I am looking for the show that was set in Canada. They two couples I think spent a full year in the wilds of Canada like Homesteaders. 
I know that it has been mentioned here before, but the last time I followed a link I was unable to get anywhere. 
Does anyone have this that they might be willing to share?

Thanks.

Blessings,
Debi


----------



## Tracy Rimmer (May 9, 2002)

The show name was Pioneer Quest. Jamie Brown was the producer and it was a joint effort between Frantic Films and Alliance Atlantis. It airs on the History Channel regularly.

The two couples were Alana and Frank Logie and Tim and Deanna Treadway.
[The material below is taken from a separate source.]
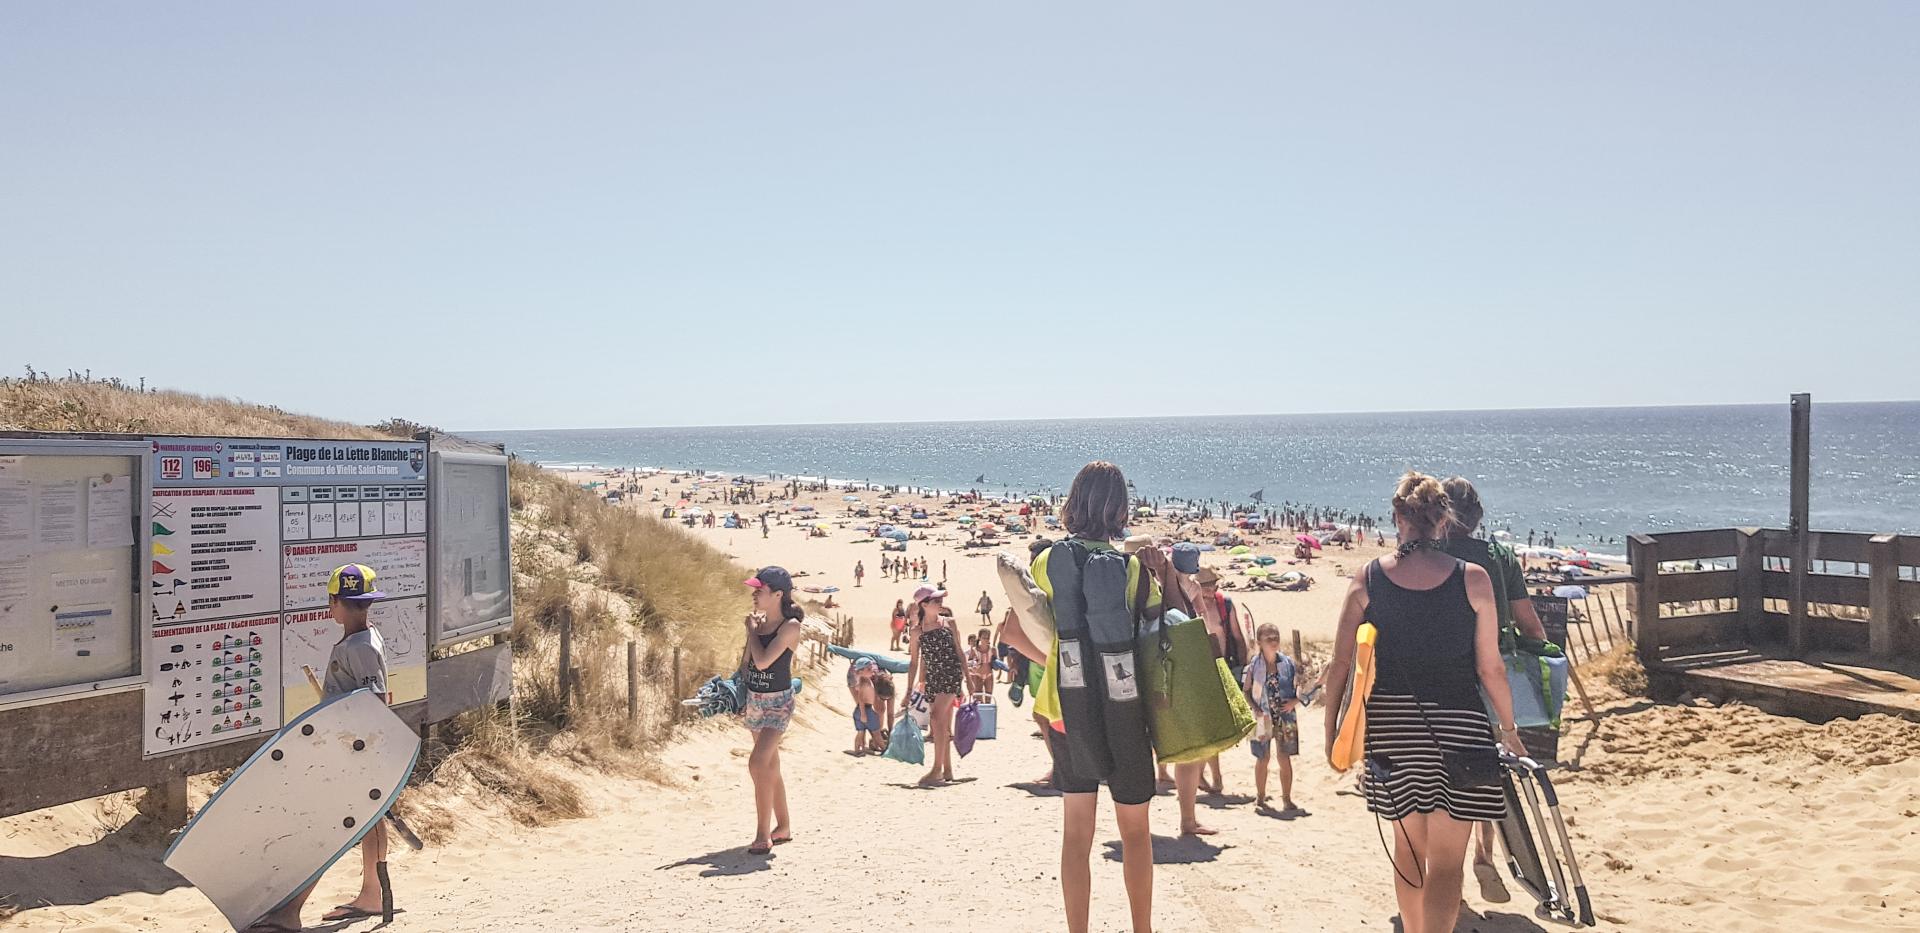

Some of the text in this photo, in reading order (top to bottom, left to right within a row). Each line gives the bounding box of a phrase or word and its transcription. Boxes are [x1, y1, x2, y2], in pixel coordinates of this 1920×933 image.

Tim and Deanna Treadway have kept up the website at http://www.pioneerquest.ca/

You might also be able to get information if you google Frantic Films, Jamie Brown or Alliance Atlantis. Jamie Brown did several other shows -- Quest for the Bay (fur traders/York boat crew), Quest for Gold (Klondike Gold Rush) and Quest for the Sea (Maritime fishing outport community)


----------



## DenverGirlie (Dec 22, 2005)

Pioneer Quest: A Year in the Real West.
It played on the History Channel

Loved this show!

Here are some links:

history channel
http://www.history.ca/ontv/titledetails.aspx?titleid=22016

pioneerquest.ca/
http://www.pioneerquest.ca/

episode summary
http://www.umanitoba.ca/outreach/cm/vol8/no20/pioneer.html


We checked it out from the library


----------



## mamakatinmd (Aug 21, 2005)

The name of the series is "pioneer quest". There is a website pioneerquest.ca that you can purchase the videos from. (They don't have dvd). The thread a while back made me interested in them also. I just had hubby get them for me for christmas (they cost about 180.00 for the whole 9 tapes). We just finished watching them and I did find them enjoyable. I just sent them to my mother to watch and she has not finished with them yet. I will pm you when she sends them back and lend them to you if no else has already by then.


----------



## countrydreamn (Jan 31, 2006)

that would be great, let me know when you get them. 

Blessings,
Debi


----------